TASK GOAL: Please transcribe, exactly and only, the lines of the records below from the one holding "this 1200×1600 image." to the very end.

Stored entries:
=== Begin Enclosure ===

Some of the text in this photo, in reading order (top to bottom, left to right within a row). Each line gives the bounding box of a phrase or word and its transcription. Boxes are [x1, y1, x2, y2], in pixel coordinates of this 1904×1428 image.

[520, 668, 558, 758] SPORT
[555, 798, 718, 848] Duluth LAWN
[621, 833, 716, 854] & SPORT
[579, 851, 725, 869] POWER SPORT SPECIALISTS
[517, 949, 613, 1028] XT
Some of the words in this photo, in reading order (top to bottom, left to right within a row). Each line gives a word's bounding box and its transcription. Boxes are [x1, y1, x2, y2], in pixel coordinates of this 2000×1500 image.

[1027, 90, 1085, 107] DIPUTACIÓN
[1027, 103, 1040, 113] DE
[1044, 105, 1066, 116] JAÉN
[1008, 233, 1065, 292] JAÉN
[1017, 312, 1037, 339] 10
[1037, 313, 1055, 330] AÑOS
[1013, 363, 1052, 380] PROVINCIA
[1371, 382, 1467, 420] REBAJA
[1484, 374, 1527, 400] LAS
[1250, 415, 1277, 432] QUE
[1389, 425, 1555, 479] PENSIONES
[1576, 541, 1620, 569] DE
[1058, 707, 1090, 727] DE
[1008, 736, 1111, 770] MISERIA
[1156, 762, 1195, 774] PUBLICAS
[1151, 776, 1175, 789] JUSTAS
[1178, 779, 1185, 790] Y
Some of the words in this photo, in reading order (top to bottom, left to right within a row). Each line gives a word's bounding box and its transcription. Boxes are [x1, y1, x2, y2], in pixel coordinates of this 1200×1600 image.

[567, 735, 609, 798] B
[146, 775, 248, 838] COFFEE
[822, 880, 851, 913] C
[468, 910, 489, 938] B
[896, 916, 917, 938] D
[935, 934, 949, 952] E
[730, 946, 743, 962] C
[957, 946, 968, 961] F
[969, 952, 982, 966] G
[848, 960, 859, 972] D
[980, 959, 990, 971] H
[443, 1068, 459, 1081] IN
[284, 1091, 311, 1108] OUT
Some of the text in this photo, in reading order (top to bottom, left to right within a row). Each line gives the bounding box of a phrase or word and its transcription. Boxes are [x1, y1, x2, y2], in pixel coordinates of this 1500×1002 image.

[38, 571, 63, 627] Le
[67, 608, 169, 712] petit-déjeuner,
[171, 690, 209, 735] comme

=== End Enclosure ===

YOUR SOLUTION:
Some of the words in this photo, in reading order (top to bottom, left to right within a row). Each line gives a word's bounding box and its transcription. Boxes are [x1, y1, x2, y2], in pixel coordinates of this 1200×1600 image.

[567, 735, 609, 798] B
[146, 775, 248, 838] COFFEE
[822, 880, 851, 913] C
[468, 910, 489, 938] B
[896, 916, 917, 938] D
[935, 934, 949, 952] E
[730, 946, 743, 962] C
[957, 946, 968, 961] F
[969, 952, 982, 966] G
[848, 960, 859, 972] D
[980, 959, 990, 971] H
[443, 1068, 459, 1081] IN
[284, 1091, 311, 1108] OUT
Some of the text in this photo, in reading order (top to bottom, left to right within a row). Each line gives the bounding box of a phrase or word and its transcription. Boxes are [x1, y1, x2, y2], in pixel coordinates of this 1500×1002 image.

[38, 571, 63, 627] Le
[67, 608, 169, 712] petit-déjeuner,
[171, 690, 209, 735] comme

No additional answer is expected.